Re: Estimating memory usage of expressions
- To: mathgroup at smc.vnet.net
- Subject: [mg108987] Re: Estimating memory usage of expressions
- From: Nicola Mingotti <nico020978 at gmail.com>
- Date: Fri, 9 Apr 2010 03:32:34 -0400 (EDT)
- References: <hpkgl2$81m$1@smc.vnet.net>
The object "1" and the object "list containing only the element 1" are different in nature so it's expectable they heve different Mathematica representation and different Memory usage. I don't know the C representation for a Mathematica List or a Mathematica Integer, i don't even know if they are public domain. Anyway, if you do ByteCount[{1}] => 56 ByteCount[{1,2}] => 80 ByteCount[{1,2,3}] => 104 ByteCount[{1,2,3,4}] => 128 you see the difference is always 24 bytes. It tried to do a little experiment, the list data structure changes when you add some elements : r = Table[RandomInteger[], {i, 100}]; (ByteCount[r] - 32) / 24 => 100 r = Table[RandomInteger[], {i, 200}]; (ByteCount[r] - 32) / 24 => 200 r = Table[RandomInteger[], {i, 250}]; (ByteCount[r] - 32) /24 => 91/2 !!!! In the last result i would expect naively a result 250, 91/2 tells me that things underwood are more sophisticated. Hope somebody can tell you more ;-) bye n. On 2010-04-08 14:02:42 +0200, Jim Lambaugh said: > Hi > > Is there a way to estimate how many bytes the different expressions in > Mathematica take from the memory?

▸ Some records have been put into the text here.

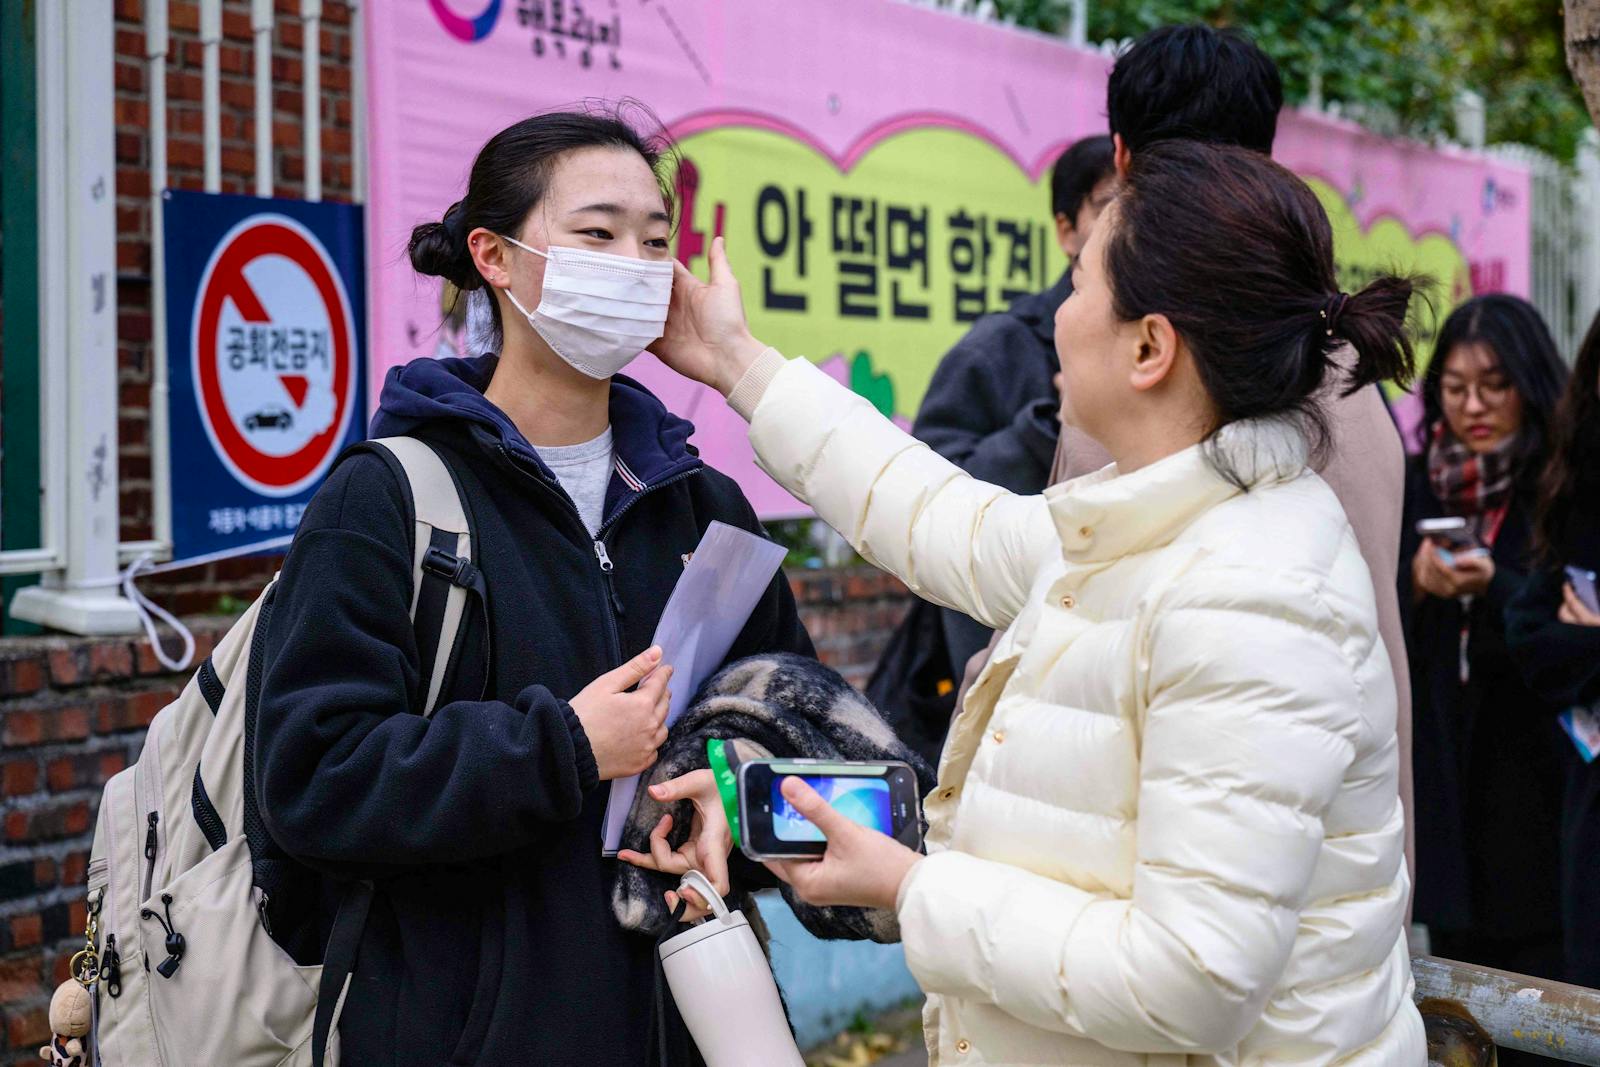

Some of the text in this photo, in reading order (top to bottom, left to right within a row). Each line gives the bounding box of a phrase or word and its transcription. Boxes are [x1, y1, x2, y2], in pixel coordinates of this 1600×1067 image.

[755, 184, 813, 313] 안
[831, 193, 932, 321] 떨면
[226, 325, 329, 371] 공회전금지
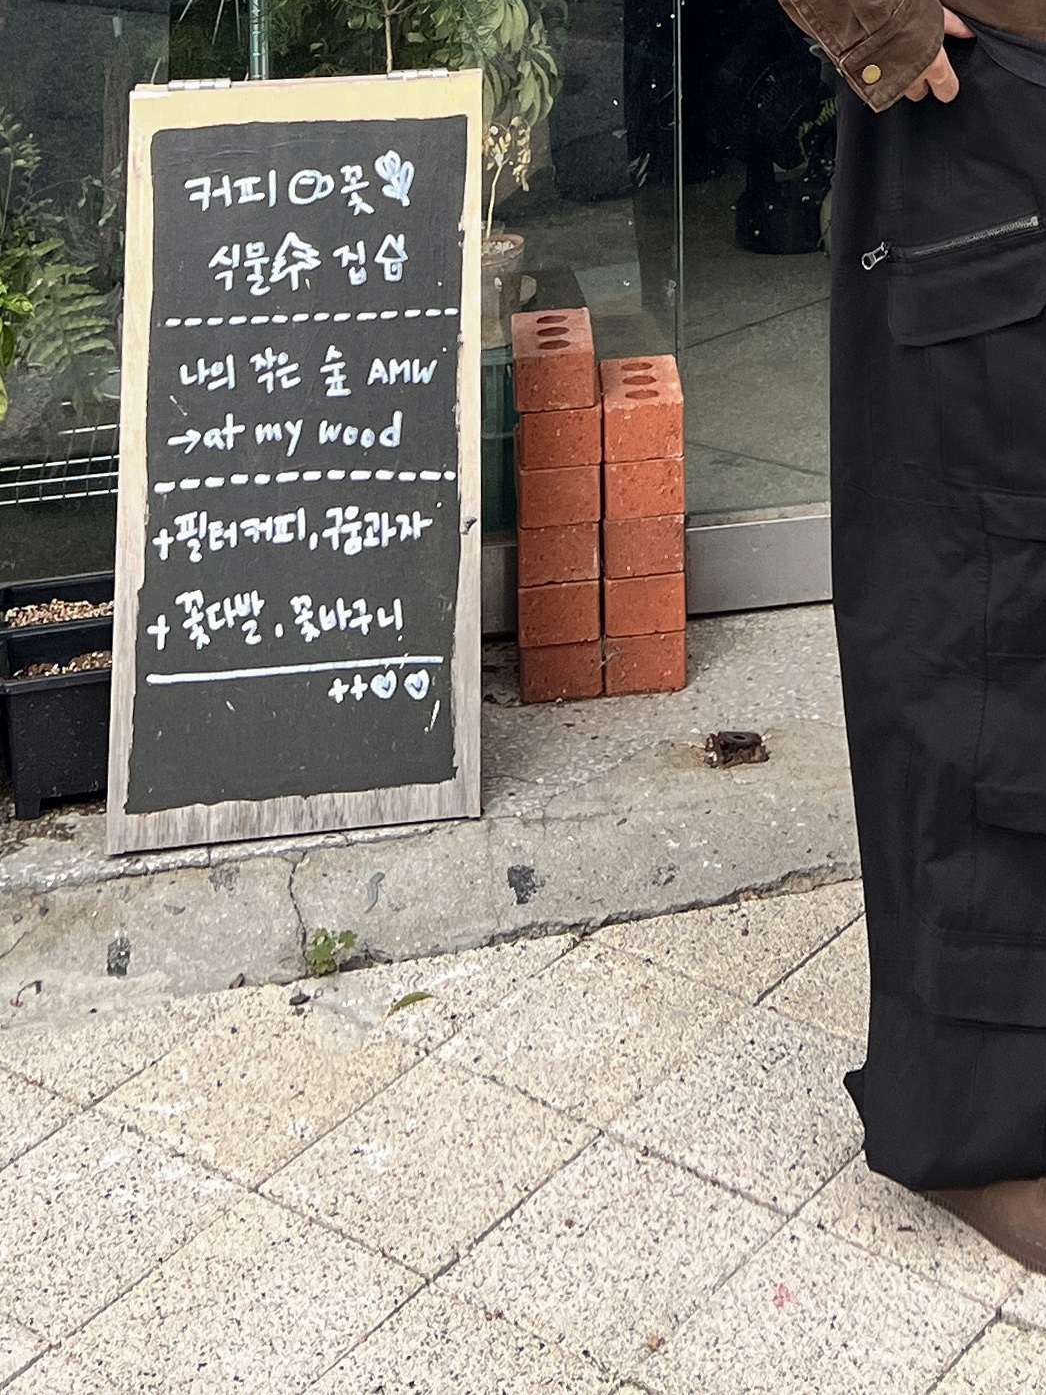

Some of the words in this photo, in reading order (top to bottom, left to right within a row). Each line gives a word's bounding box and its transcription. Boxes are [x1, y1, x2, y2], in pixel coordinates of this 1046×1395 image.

[184, 169, 276, 212] 커피
[340, 165, 375, 216] 꽃
[208, 241, 271, 296] 식물
[332, 240, 367, 286] 집
[179, 354, 235, 391] 나의
[250, 347, 301, 394] 작은
[319, 344, 351, 397] 숲
[366, 358, 438, 385] AMW
[203, 413, 246, 450] at
[255, 419, 304, 457] my
[318, 410, 403, 449] wood
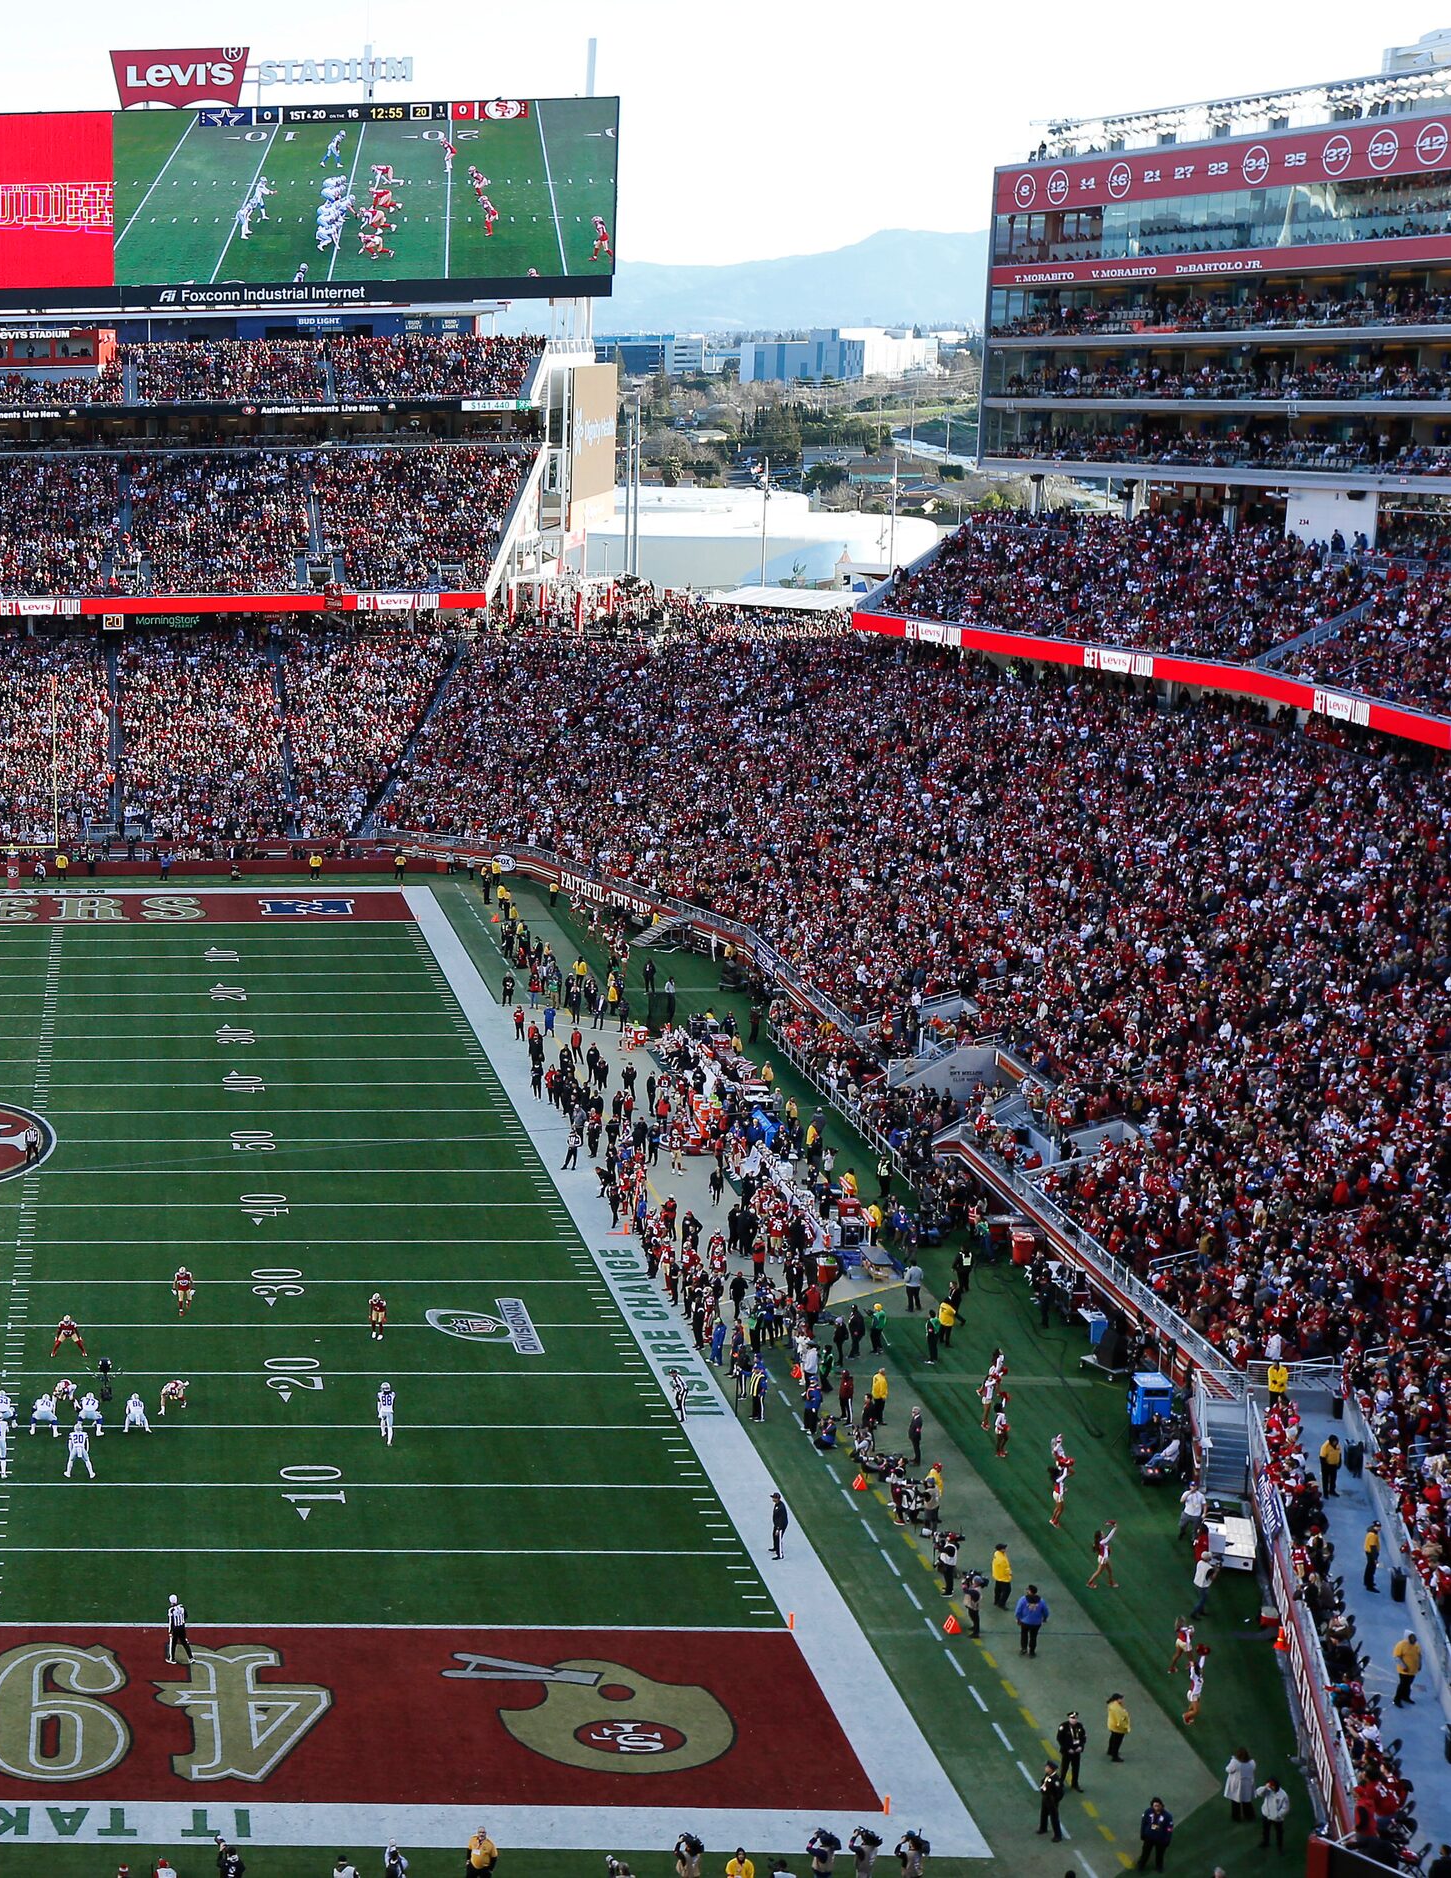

For example I wish to know how many > bytes a NxN matrix with real entries is, the list of its eigenvectors, > eigenvalues etc. > > I know of the command "ByteCount", but the results I get are not > consistent, i.e. a list of 1 integers does not take up the same amount > of memory as one single integer etc. So: Is there a way to estimate > these things? I'm running on a 32-bit system (if that makes a > difference).